(PROVIDED INFORMATION begins)
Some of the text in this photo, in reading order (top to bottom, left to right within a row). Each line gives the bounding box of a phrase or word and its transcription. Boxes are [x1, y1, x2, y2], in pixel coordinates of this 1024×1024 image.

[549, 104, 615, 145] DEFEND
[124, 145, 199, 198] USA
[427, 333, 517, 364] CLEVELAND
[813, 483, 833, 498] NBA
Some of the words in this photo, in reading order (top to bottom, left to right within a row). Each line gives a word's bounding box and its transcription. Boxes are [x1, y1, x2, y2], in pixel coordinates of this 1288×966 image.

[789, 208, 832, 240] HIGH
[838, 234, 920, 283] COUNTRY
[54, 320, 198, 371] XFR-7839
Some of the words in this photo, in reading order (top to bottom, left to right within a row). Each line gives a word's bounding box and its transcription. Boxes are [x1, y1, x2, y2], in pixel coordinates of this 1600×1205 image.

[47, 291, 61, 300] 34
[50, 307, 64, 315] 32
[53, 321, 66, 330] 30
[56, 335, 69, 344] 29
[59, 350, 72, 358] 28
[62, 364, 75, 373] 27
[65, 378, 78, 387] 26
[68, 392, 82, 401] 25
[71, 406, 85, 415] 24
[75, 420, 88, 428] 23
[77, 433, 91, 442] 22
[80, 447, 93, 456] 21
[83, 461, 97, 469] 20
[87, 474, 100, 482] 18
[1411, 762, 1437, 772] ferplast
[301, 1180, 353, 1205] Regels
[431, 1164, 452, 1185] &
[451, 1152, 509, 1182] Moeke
(PROVIDED INFORMATION ends)
TASK DETAILS
Go through the data above and transcribe every entry exactly.

WRITTEN SOLUTION
Some of the text in this photo, in reading order (top to bottom, left to right within a row). Each line gives the bounding box of a phrase or word and its transcription. Boxes are [x1, y1, x2, y2], in pixel coordinates of this 1024×1024 image.

[549, 104, 615, 145] DEFEND
[124, 145, 199, 198] USA
[427, 333, 517, 364] CLEVELAND
[813, 483, 833, 498] NBA
Some of the words in this photo, in reading order (top to bottom, left to right within a row). Each line gives a word's bounding box and its transcription. Boxes are [x1, y1, x2, y2], in pixel coordinates of this 1288×966 image.

[789, 208, 832, 240] HIGH
[838, 234, 920, 283] COUNTRY
[54, 320, 198, 371] XFR-7839
Some of the words in this photo, in reading order (top to bottom, left to right within a row). Each line gives a word's bounding box and its transcription. Boxes are [x1, y1, x2, y2], in pixel coordinates of this 1600×1205 image.

[47, 291, 61, 300] 34
[50, 307, 64, 315] 32
[53, 321, 66, 330] 30
[56, 335, 69, 344] 29
[59, 350, 72, 358] 28
[62, 364, 75, 373] 27
[65, 378, 78, 387] 26
[68, 392, 82, 401] 25
[71, 406, 85, 415] 24
[75, 420, 88, 428] 23
[77, 433, 91, 442] 22
[80, 447, 93, 456] 21
[83, 461, 97, 469] 20
[87, 474, 100, 482] 18
[1411, 762, 1437, 772] ferplast
[301, 1180, 353, 1205] Regels
[431, 1164, 452, 1185] &
[451, 1152, 509, 1182] Moeke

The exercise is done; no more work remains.